#### What you are asked to do:
The entries are to be repeated verbatim, with nothing left out.

[Data records]
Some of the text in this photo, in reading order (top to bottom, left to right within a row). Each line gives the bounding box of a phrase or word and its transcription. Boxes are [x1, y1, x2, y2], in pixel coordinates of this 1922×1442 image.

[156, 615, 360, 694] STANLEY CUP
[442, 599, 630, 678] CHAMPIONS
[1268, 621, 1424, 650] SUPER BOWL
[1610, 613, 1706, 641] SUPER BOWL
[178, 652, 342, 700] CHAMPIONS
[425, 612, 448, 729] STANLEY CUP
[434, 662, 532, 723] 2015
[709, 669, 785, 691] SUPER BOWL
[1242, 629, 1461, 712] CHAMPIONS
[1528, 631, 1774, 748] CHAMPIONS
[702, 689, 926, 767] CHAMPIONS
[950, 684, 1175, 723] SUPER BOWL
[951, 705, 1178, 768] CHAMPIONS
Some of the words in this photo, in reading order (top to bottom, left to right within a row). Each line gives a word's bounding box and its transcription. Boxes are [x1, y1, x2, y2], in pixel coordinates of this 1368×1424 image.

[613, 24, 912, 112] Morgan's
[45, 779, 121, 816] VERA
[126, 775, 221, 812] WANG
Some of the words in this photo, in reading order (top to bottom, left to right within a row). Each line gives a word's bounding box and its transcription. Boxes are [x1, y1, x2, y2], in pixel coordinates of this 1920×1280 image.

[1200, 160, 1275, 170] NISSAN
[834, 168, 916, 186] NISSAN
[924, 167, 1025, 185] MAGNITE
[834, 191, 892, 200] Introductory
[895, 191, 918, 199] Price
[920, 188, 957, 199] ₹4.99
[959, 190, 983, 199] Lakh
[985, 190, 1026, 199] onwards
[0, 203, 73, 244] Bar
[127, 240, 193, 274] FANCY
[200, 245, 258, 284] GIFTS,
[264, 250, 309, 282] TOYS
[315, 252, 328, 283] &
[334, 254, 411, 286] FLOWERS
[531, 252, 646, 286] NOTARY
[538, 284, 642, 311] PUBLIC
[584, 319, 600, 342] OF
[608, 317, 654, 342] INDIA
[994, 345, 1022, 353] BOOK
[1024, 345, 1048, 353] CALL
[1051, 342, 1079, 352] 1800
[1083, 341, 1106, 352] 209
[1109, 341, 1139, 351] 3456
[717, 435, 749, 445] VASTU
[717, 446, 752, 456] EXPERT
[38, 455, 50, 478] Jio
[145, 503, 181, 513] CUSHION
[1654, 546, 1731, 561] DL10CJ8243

#### Result of the task:
Some of the text in this photo, in reading order (top to bottom, left to right within a row). Each line gives the bounding box of a phrase or word and its transcription. Boxes are [x1, y1, x2, y2], in pixel coordinates of this 1922×1442 image.

[156, 615, 360, 694] STANLEY CUP
[442, 599, 630, 678] CHAMPIONS
[1268, 621, 1424, 650] SUPER BOWL
[1610, 613, 1706, 641] SUPER BOWL
[178, 652, 342, 700] CHAMPIONS
[425, 612, 448, 729] STANLEY CUP
[434, 662, 532, 723] 2015
[709, 669, 785, 691] SUPER BOWL
[1242, 629, 1461, 712] CHAMPIONS
[1528, 631, 1774, 748] CHAMPIONS
[702, 689, 926, 767] CHAMPIONS
[950, 684, 1175, 723] SUPER BOWL
[951, 705, 1178, 768] CHAMPIONS
Some of the words in this photo, in reading order (top to bottom, left to right within a row). Each line gives a word's bounding box and its transcription. Boxes are [x1, y1, x2, y2], in pixel coordinates of this 1368×1424 image.

[613, 24, 912, 112] Morgan's
[45, 779, 121, 816] VERA
[126, 775, 221, 812] WANG
Some of the words in this photo, in reading order (top to bottom, left to right within a row). Each line gives a word's bounding box and its transcription. Boxes are [x1, y1, x2, y2], in pixel coordinates of this 1920×1280 image.

[1200, 160, 1275, 170] NISSAN
[834, 168, 916, 186] NISSAN
[924, 167, 1025, 185] MAGNITE
[834, 191, 892, 200] Introductory
[895, 191, 918, 199] Price
[920, 188, 957, 199] ₹4.99
[959, 190, 983, 199] Lakh
[985, 190, 1026, 199] onwards
[0, 203, 73, 244] Bar
[127, 240, 193, 274] FANCY
[200, 245, 258, 284] GIFTS,
[264, 250, 309, 282] TOYS
[315, 252, 328, 283] &
[334, 254, 411, 286] FLOWERS
[531, 252, 646, 286] NOTARY
[538, 284, 642, 311] PUBLIC
[584, 319, 600, 342] OF
[608, 317, 654, 342] INDIA
[994, 345, 1022, 353] BOOK
[1024, 345, 1048, 353] CALL
[1051, 342, 1079, 352] 1800
[1083, 341, 1106, 352] 209
[1109, 341, 1139, 351] 3456
[717, 435, 749, 445] VASTU
[717, 446, 752, 456] EXPERT
[38, 455, 50, 478] Jio
[145, 503, 181, 513] CUSHION
[1654, 546, 1731, 561] DL10CJ8243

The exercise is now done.